[Dataset entries]
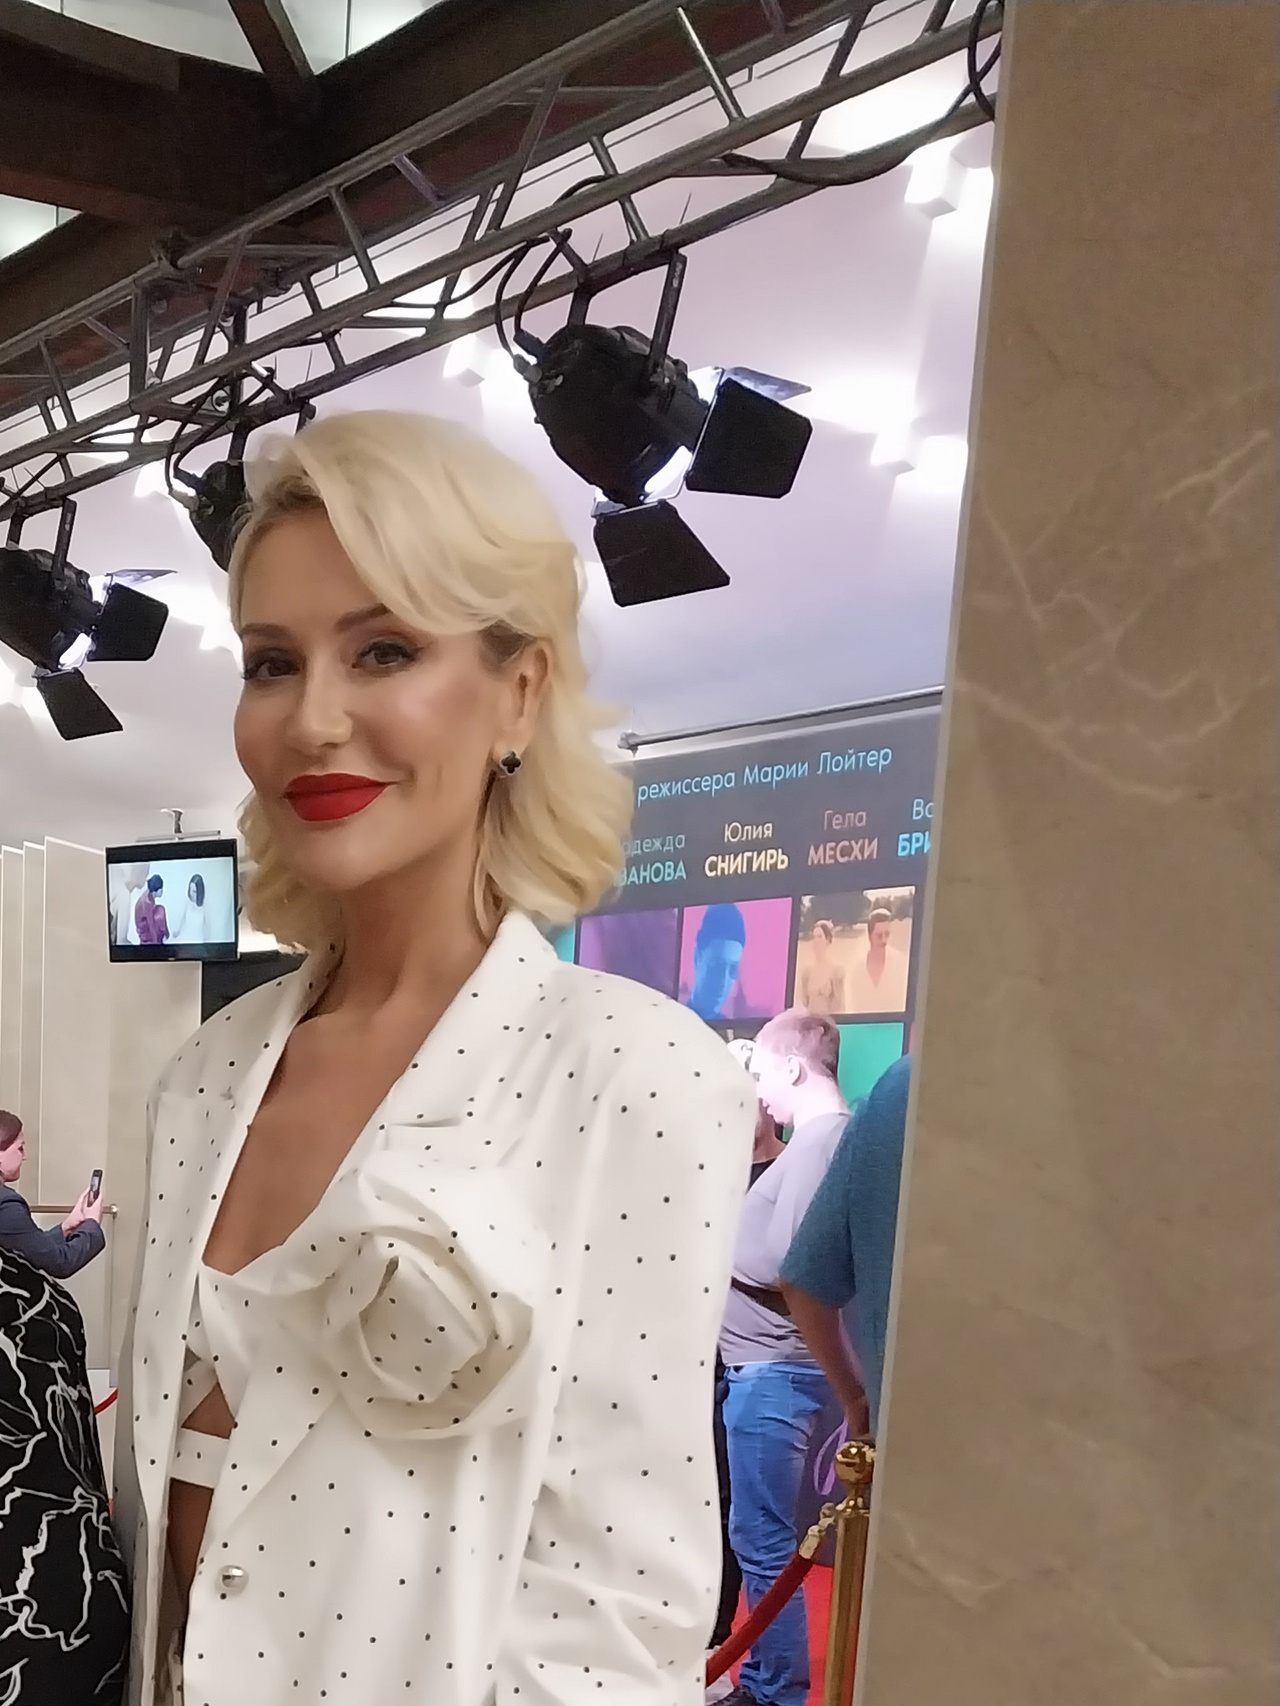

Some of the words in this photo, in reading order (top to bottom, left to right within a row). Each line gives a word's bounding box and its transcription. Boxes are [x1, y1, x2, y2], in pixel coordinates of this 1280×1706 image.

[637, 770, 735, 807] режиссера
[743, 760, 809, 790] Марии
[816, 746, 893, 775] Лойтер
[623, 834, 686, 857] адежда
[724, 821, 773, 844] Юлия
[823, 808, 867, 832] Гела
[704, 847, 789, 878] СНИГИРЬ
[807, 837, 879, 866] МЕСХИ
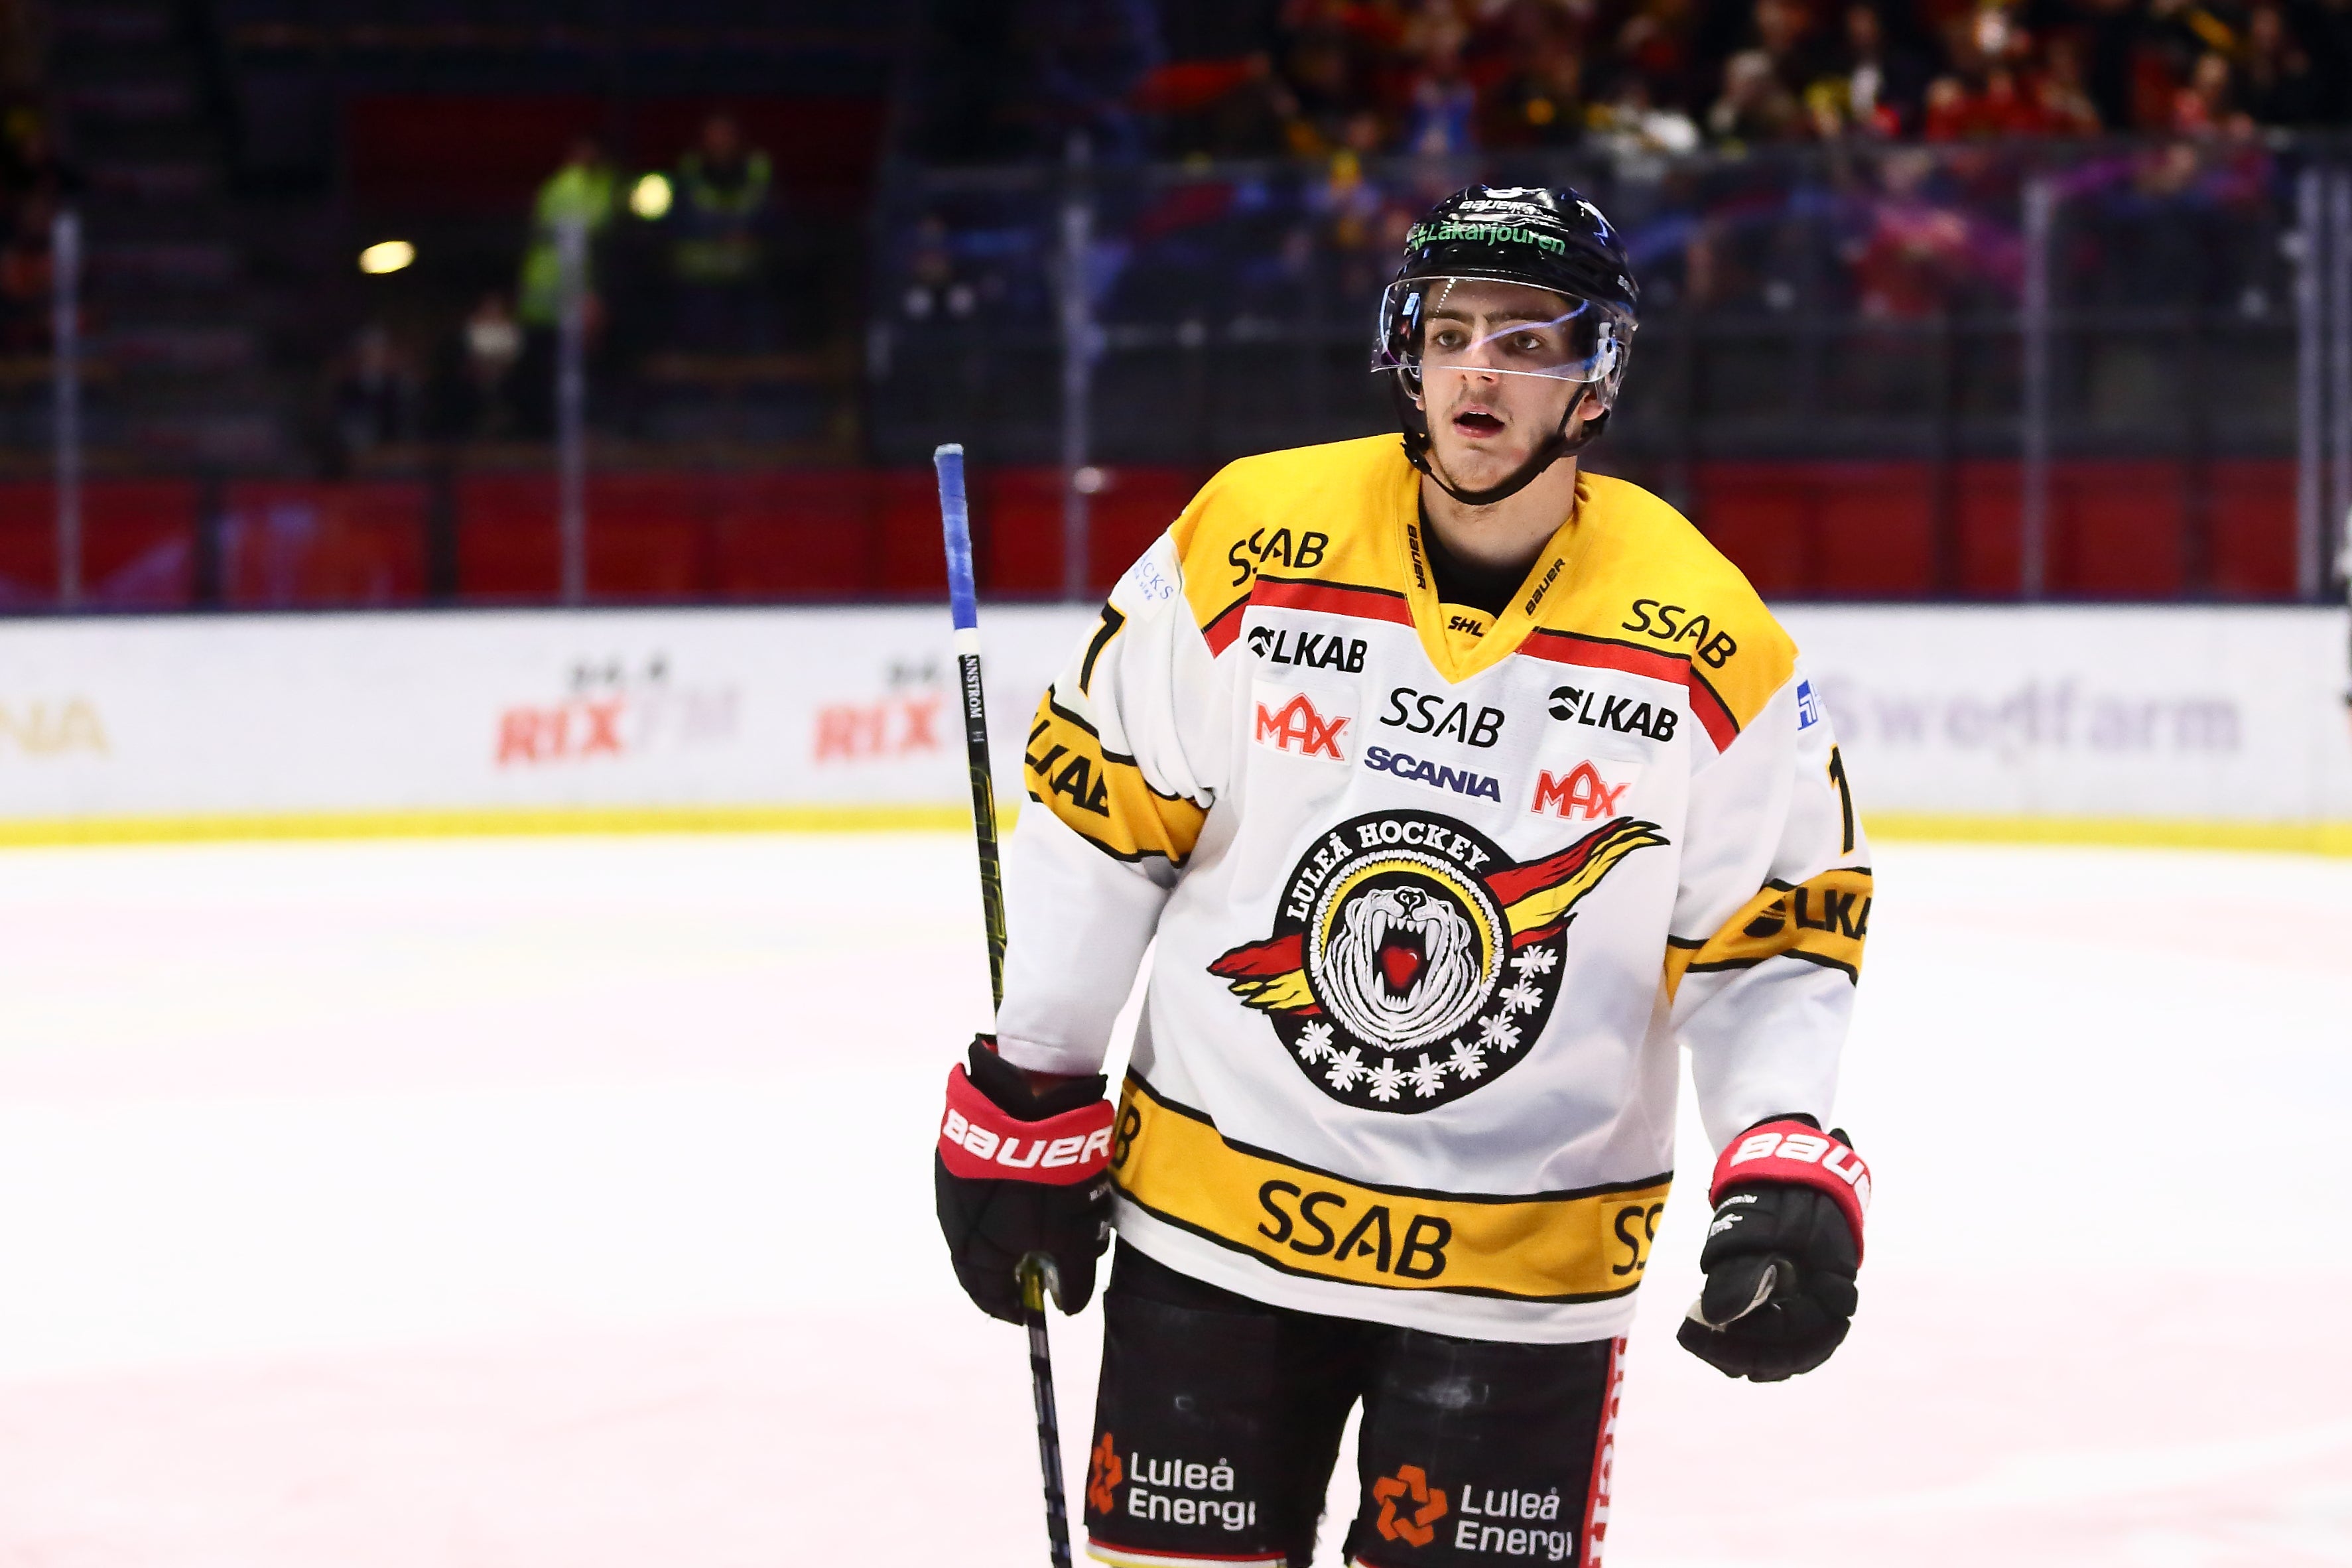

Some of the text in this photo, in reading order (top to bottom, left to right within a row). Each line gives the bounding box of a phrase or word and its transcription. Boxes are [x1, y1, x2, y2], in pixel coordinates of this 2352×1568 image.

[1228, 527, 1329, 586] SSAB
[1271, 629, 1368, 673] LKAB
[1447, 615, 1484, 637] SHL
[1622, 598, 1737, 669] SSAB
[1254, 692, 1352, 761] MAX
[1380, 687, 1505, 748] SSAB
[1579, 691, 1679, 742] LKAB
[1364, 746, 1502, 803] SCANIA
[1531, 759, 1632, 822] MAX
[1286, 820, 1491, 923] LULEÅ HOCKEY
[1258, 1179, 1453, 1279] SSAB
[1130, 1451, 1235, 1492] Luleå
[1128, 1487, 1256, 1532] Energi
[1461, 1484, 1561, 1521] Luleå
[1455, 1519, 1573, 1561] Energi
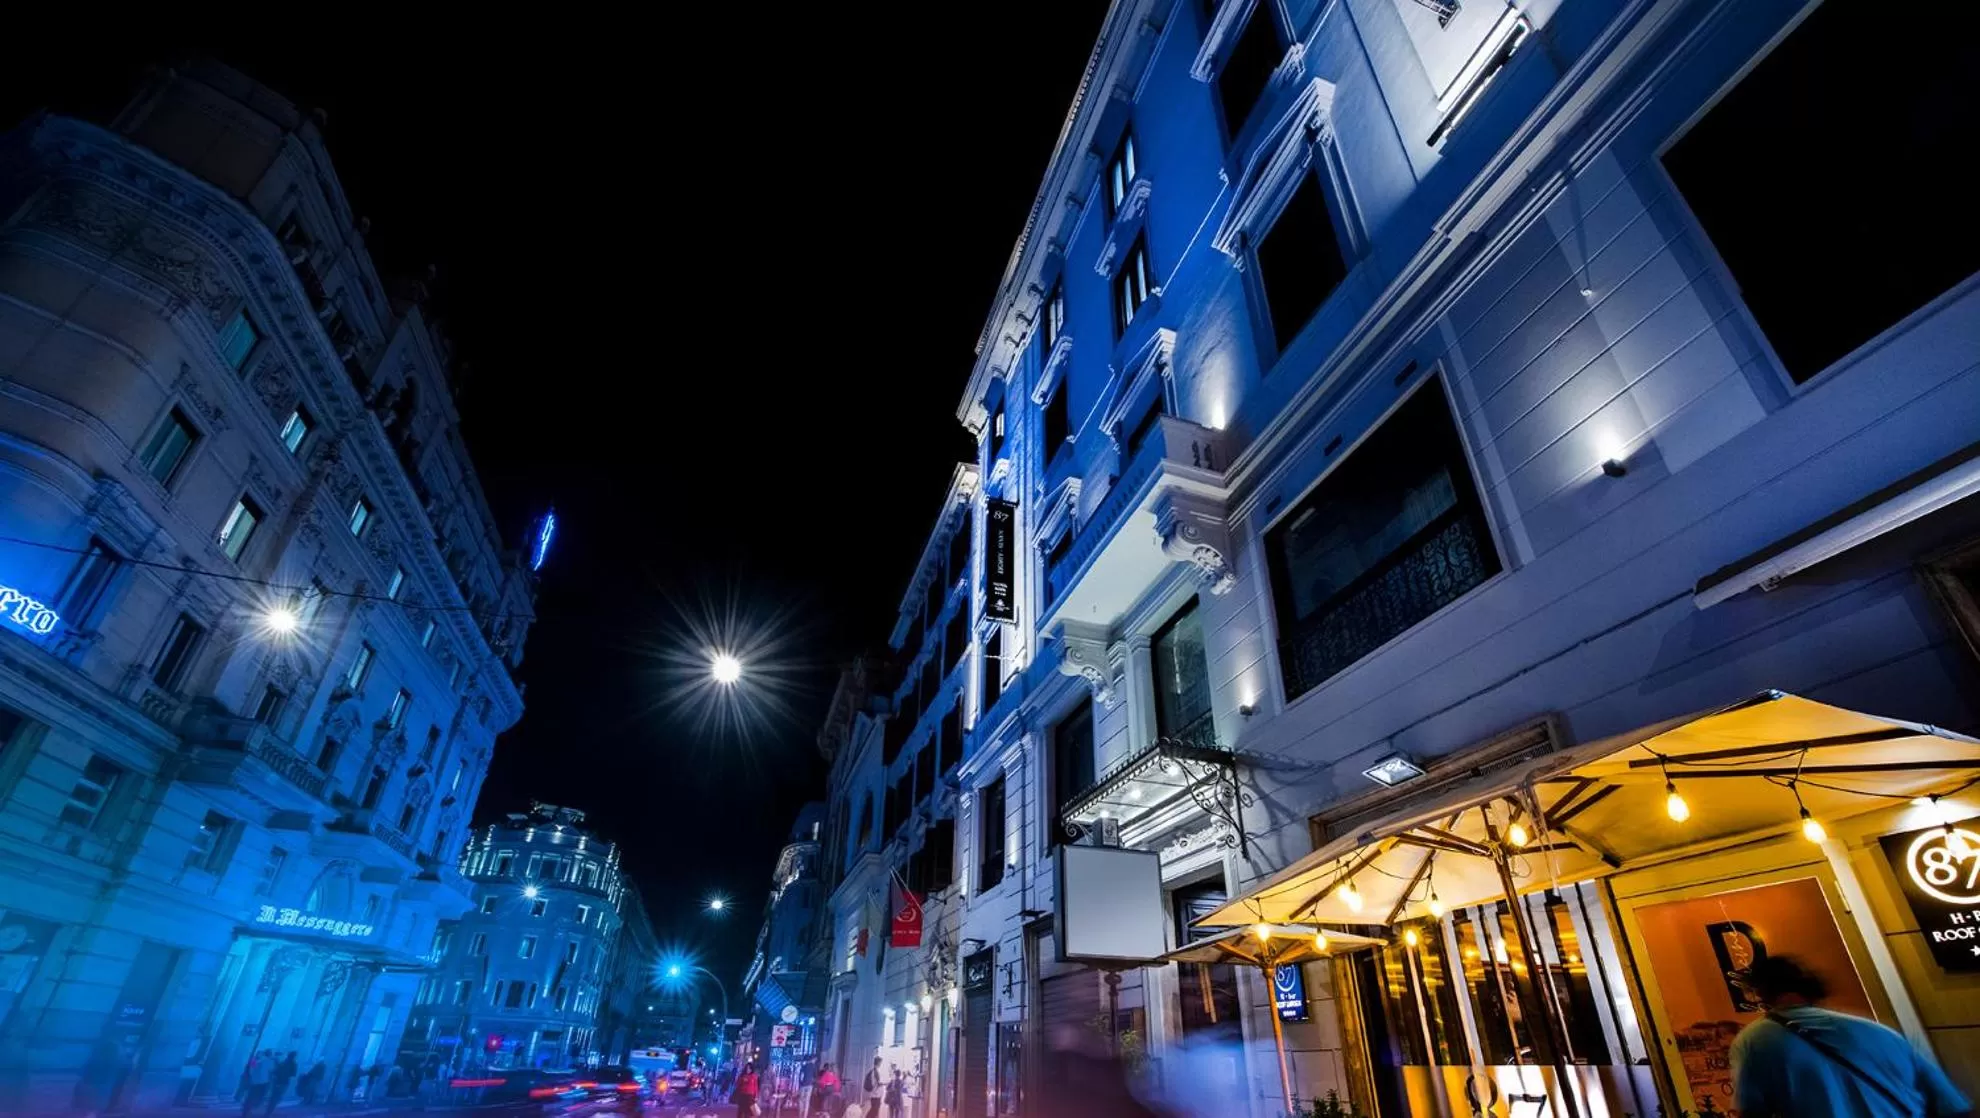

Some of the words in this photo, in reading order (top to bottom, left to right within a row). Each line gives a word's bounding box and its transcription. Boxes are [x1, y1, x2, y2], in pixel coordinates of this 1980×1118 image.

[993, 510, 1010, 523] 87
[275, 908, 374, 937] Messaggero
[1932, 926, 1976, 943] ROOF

* _WHAT NEEDS TO BE DONE_
From the first line to the last, retype the entries above exactly, minus the pictures.

* _YOUR SOLUTION_
Some of the words in this photo, in reading order (top to bottom, left to right within a row). Each line gives a word's bounding box and its transcription. Boxes are [x1, y1, x2, y2], in pixel coordinates of this 1280×1706 image.

[637, 770, 735, 807] режиссера
[743, 760, 809, 790] Марии
[816, 746, 893, 775] Лойтер
[623, 834, 686, 857] адежда
[724, 821, 773, 844] Юлия
[823, 808, 867, 832] Гела
[704, 847, 789, 878] СНИГИРЬ
[807, 837, 879, 866] МЕСХИ

Some of the text in this photo, in reading order (top to bottom, left to right within a row). Each line gives the bounding box of a phrase or word and its transcription. Boxes are [x1, y1, x2, y2], in pixel coordinates of this 2352×1568 image.

[1228, 527, 1329, 586] SSAB
[1271, 629, 1368, 673] LKAB
[1447, 615, 1484, 637] SHL
[1622, 598, 1737, 669] SSAB
[1254, 692, 1352, 761] MAX
[1380, 687, 1505, 748] SSAB
[1579, 691, 1679, 742] LKAB
[1364, 746, 1502, 803] SCANIA
[1531, 759, 1632, 822] MAX
[1286, 820, 1491, 923] LULEÅ HOCKEY
[1258, 1179, 1453, 1279] SSAB
[1130, 1451, 1235, 1492] Luleå
[1128, 1487, 1256, 1532] Energi
[1461, 1484, 1561, 1521] Luleå
[1455, 1519, 1573, 1561] Energi

Some of the words in this photo, in reading order (top to bottom, left to right within a row). Each line gives a word's bounding box and its transcription. Boxes are [x1, y1, x2, y2], in pixel coordinates of this 1980×1118 image.

[993, 510, 1010, 523] 87
[275, 908, 374, 937] Messaggero
[1932, 926, 1976, 943] ROOF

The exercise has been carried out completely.